Your instructions → In your copy, leave out the pictures and repeat the entries below exactly.

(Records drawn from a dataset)
»»

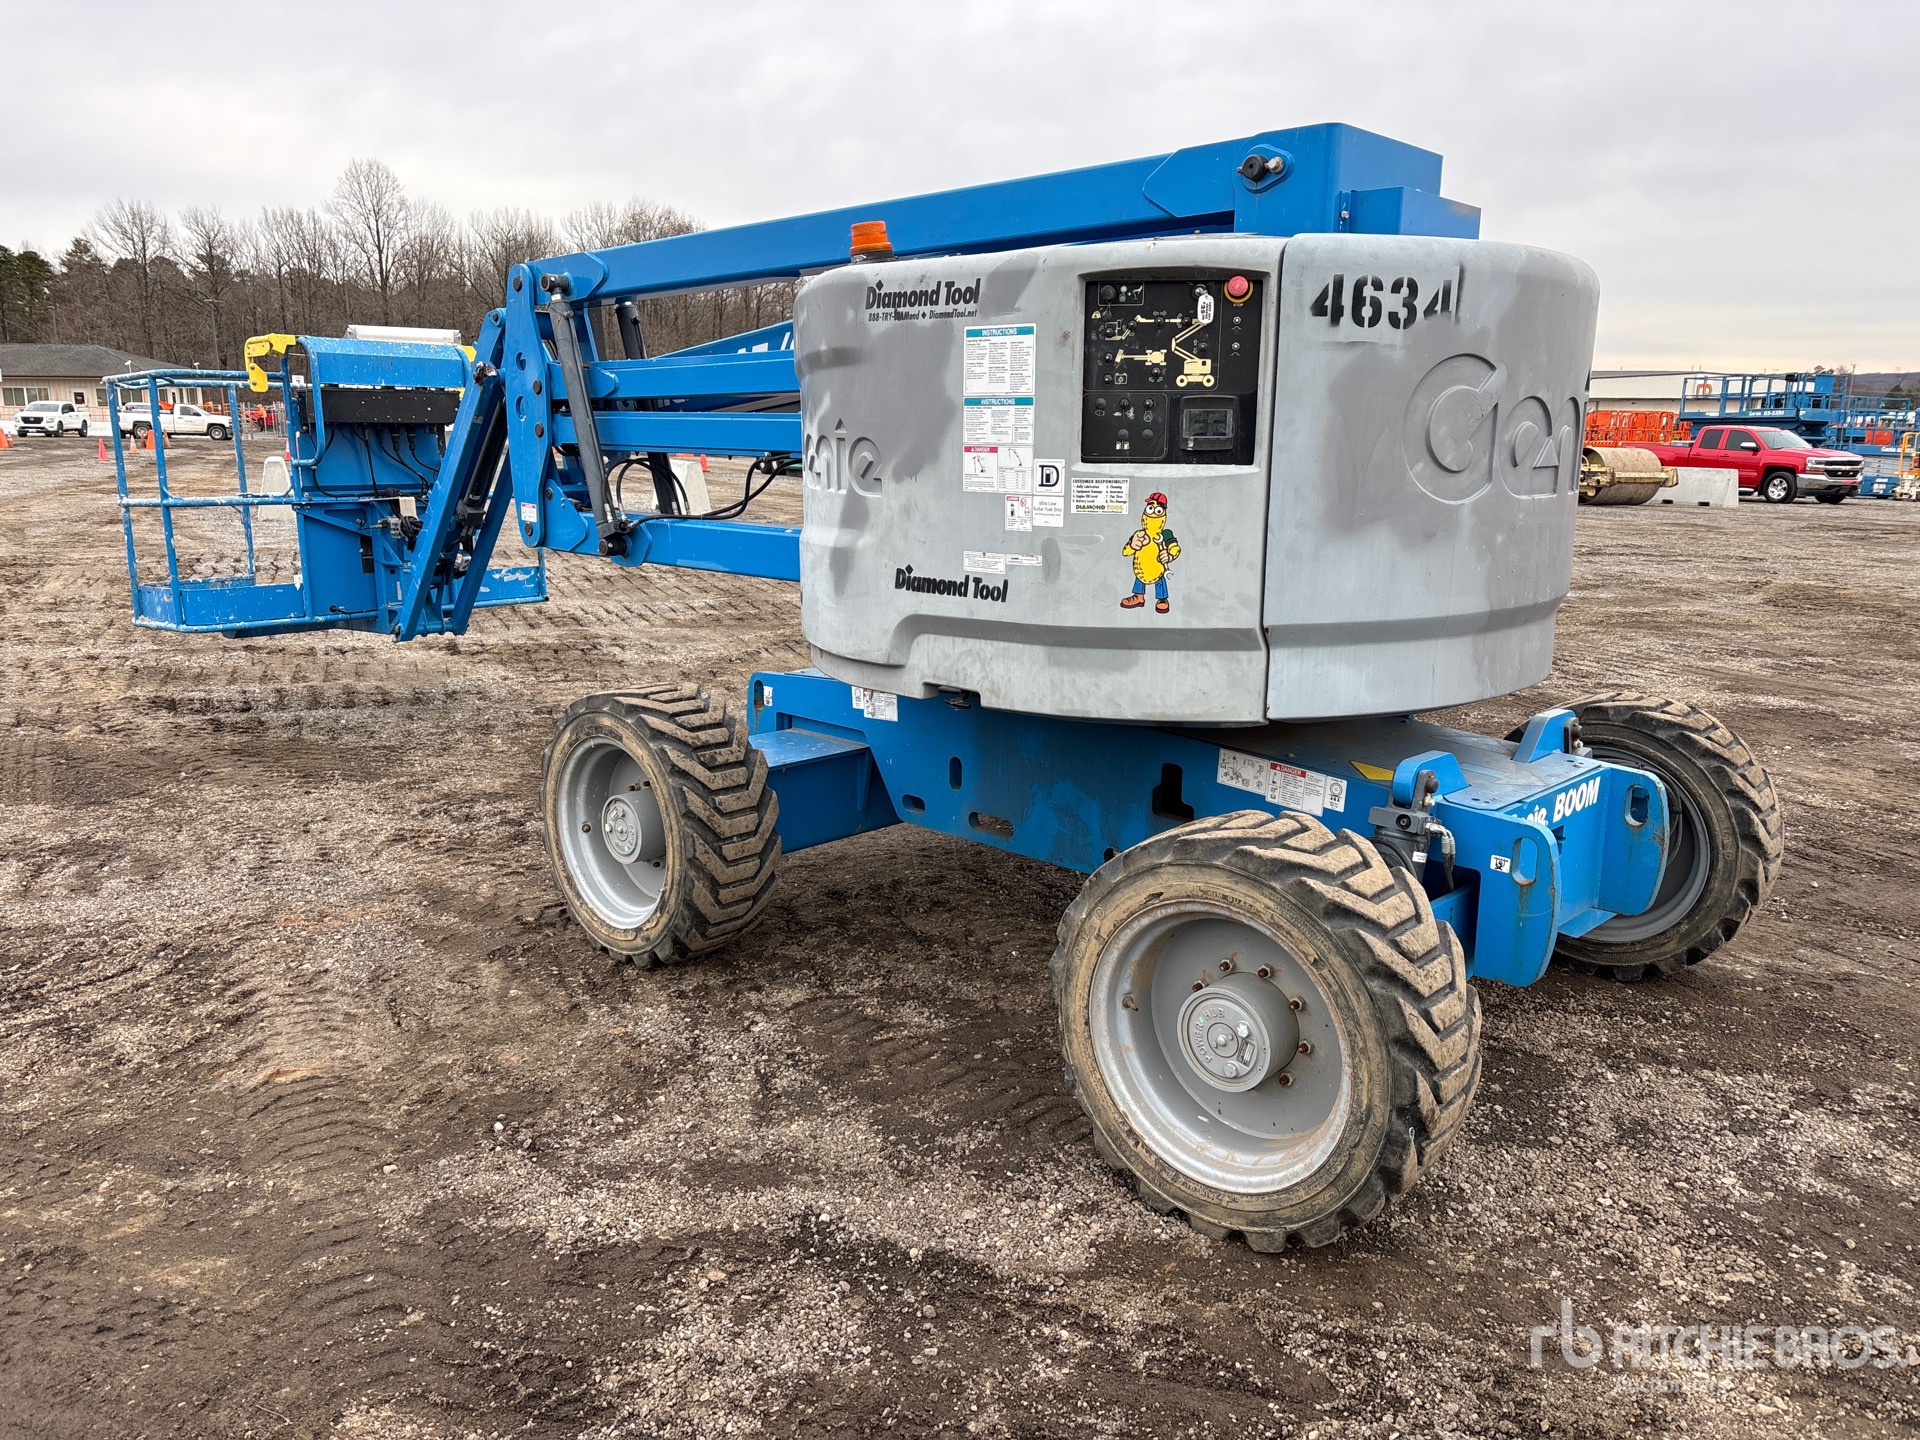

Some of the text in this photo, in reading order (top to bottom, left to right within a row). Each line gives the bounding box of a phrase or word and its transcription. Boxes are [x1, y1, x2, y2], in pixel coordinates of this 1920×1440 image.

[865, 278, 981, 310] Diamond Tool
[1310, 273, 1453, 330] 4634
[981, 328, 1018, 336] INSTRUCTIONS
[803, 417, 883, 498] enie
[1038, 465, 1060, 487] D
[894, 564, 1009, 603] Diamond Tool
[1280, 764, 1302, 777] DANGER
[1512, 776, 1601, 827] nie BOOM
[1194, 1021, 1213, 1063] POWER
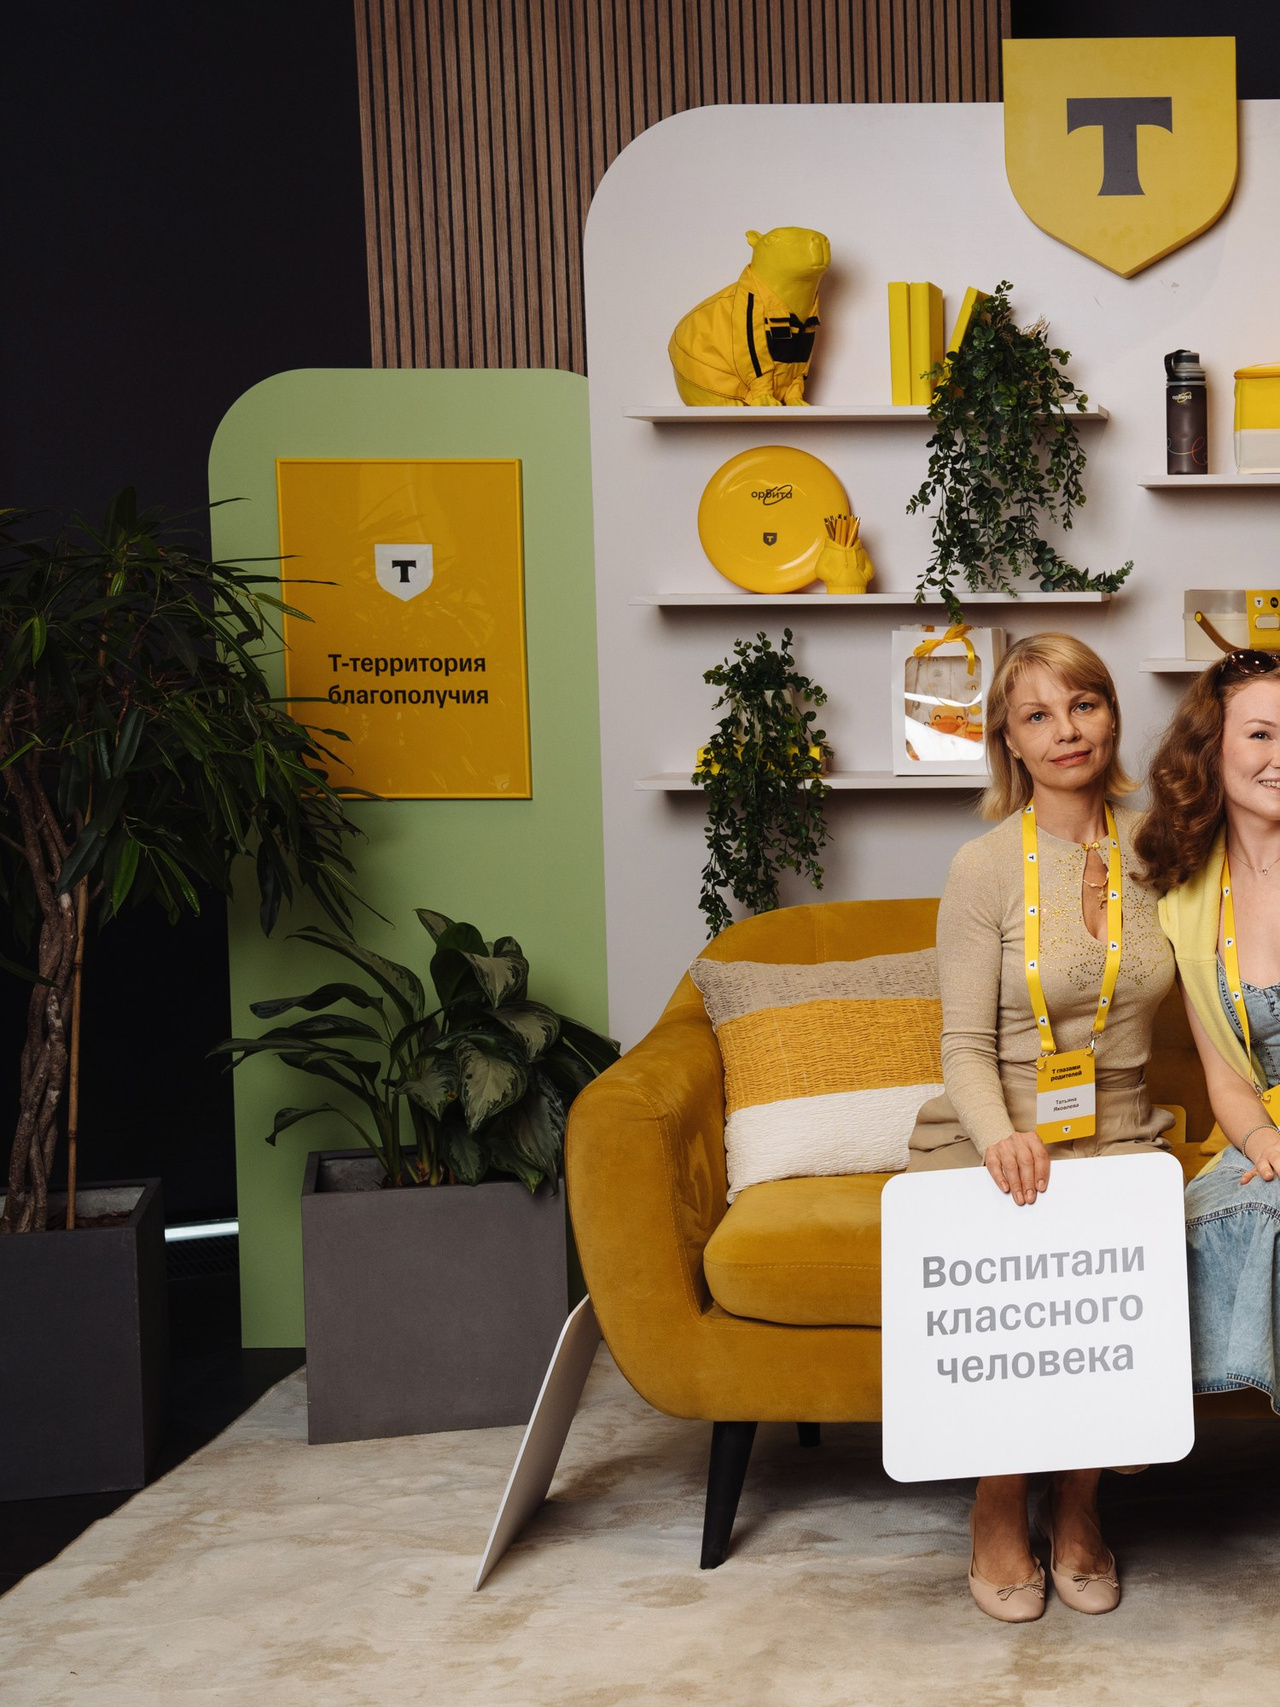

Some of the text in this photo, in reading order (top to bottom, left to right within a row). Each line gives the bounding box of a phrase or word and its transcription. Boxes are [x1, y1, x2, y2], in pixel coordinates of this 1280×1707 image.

[1066, 96, 1173, 196] Т
[391, 559, 417, 583] Т
[327, 653, 487, 677] Т-территория
[327, 684, 489, 709] благополучия
[1050, 1070, 1083, 1082] родителей
[1056, 1064, 1081, 1074] глазами
[1055, 1097, 1078, 1105] Татьяна
[922, 1245, 1145, 1289] Воспитали
[926, 1293, 1144, 1337] классного
[936, 1342, 1135, 1384] человека

««

Solution for this problem →
Some of the text in this photo, in reading order (top to bottom, left to right within a row). Each line gives the bounding box of a phrase or word and its transcription. Boxes are [x1, y1, x2, y2], in pixel coordinates of this 1920×1440 image.

[865, 278, 981, 310] Diamond Tool
[1310, 273, 1453, 330] 4634
[981, 328, 1018, 336] INSTRUCTIONS
[803, 417, 883, 498] enie
[1038, 465, 1060, 487] D
[894, 564, 1009, 603] Diamond Tool
[1280, 764, 1302, 777] DANGER
[1512, 776, 1601, 827] nie BOOM
[1194, 1021, 1213, 1063] POWER

Some of the text in this photo, in reading order (top to bottom, left to right within a row). Each line gives the bounding box of a phrase or word and its transcription. Boxes are [x1, y1, x2, y2], in pixel coordinates of this 1280×1707 image.

[1066, 96, 1173, 196] Т
[391, 559, 417, 583] Т
[327, 653, 487, 677] Т-территория
[327, 684, 489, 709] благополучия
[1050, 1070, 1083, 1082] родителей
[1056, 1064, 1081, 1074] глазами
[1055, 1097, 1078, 1105] Татьяна
[922, 1245, 1145, 1289] Воспитали
[926, 1293, 1144, 1337] классного
[936, 1342, 1135, 1384] человека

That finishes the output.